Ancistrocarphus keilii is a rare species of flowering plant known by the common name Santa Ynez groundstar. It is endemic to Santa Barbara County, California, where it is known only from three populations in the Santa Ynez River drainage. There were 180 individuals estimated in existence, until 2023, when a few thousand bloomed. The plant was described to science in 2004.

Ancistrocarphus keilii grows in sandy soils in chaparral habitat adjacent to oak woodlands. The plant is considered to be vulnerable to extinction because of its rarity, its populations are located in habitat that is likely to be disturbed or developed, and because it apparently has no effective method of biological dispersal. The plant was photographed for the first time (and was collected for the first time for deposit in herbaria) at a protected site on Vandenberg Space Force Base, in cooperation with the staff botanist.

==Description==
This is a petite and easily overlooked annual herb.
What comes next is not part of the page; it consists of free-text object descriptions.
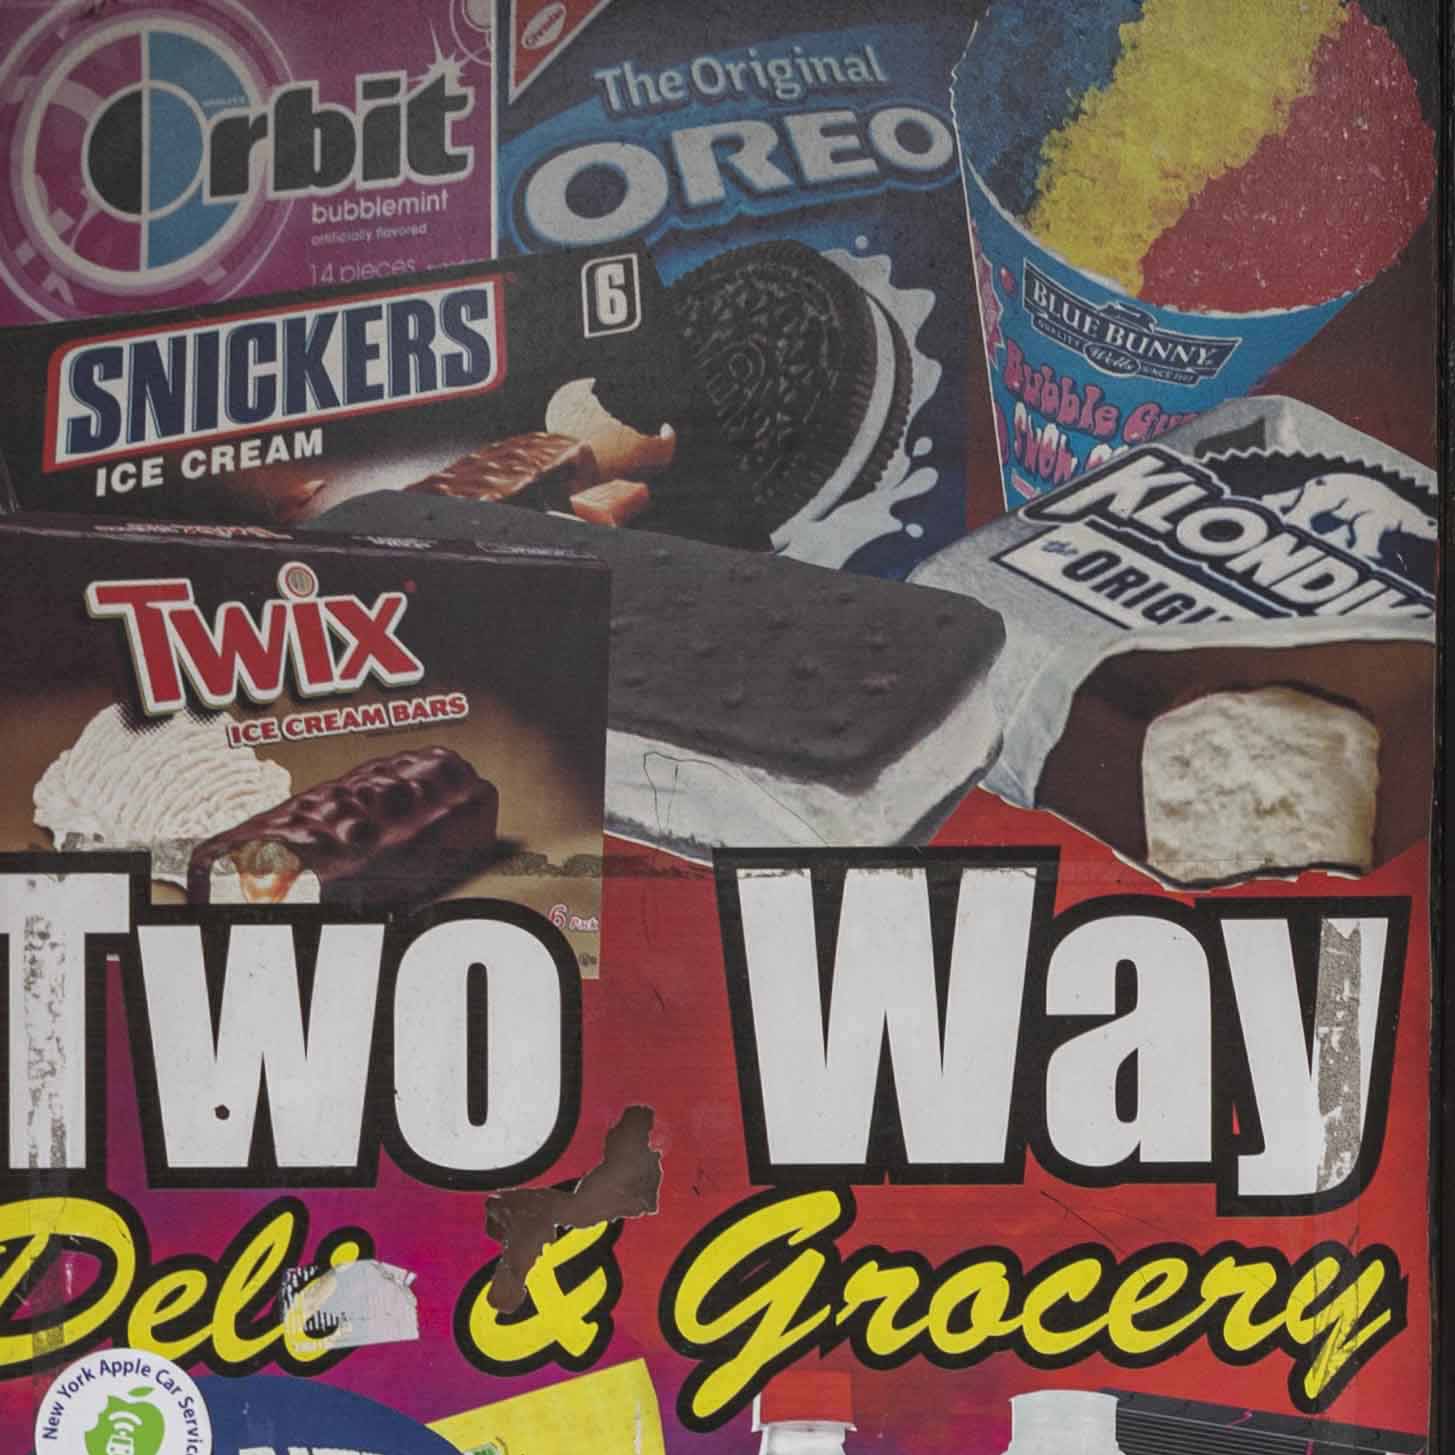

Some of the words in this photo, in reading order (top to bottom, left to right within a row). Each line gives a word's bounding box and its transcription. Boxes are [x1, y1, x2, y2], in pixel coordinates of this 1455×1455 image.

[595, 67, 683, 112] The
[691, 47, 888, 98] Original
[82, 66, 476, 222] Orbit
[525, 108, 955, 246] OREO
[310, 190, 449, 224] bubblemint
[593, 263, 627, 327] 6
[1031, 278, 1101, 338] BLUE
[1104, 323, 1217, 367] BUNNY
[66, 288, 492, 456] SNICKERS
[1005, 341, 1119, 443] Bubble
[95, 462, 164, 498] ICE
[181, 428, 324, 483] CREAM
[85, 560, 425, 715] Twix
[227, 719, 279, 747] ICE
[285, 707, 386, 739] CREAM
[391, 693, 469, 726] BARS
[547, 903, 568, 932] 6
[728, 858, 1396, 1203] Way
[668, 1186, 1396, 1424] Grocery
[42, 1401, 65, 1440] New
[57, 1367, 97, 1400] York
[100, 1357, 152, 1377] Apple
[155, 1368, 183, 1396] Car
There is no stem, just a small rosette of spoon-shaped leaves no more than 1 or 2 centimeters long. The leaf blades are borne on petioles with thin, expanded bases that surround the inflorescence. There is one flower head 2 or 3 millimeters long which is hidden amidst the leaf bases. The tiny achene generally germinates directly next to its parent, so that the plants become a carpetlike layer.

The species is named in honor of California botanist David John Keil (1946-).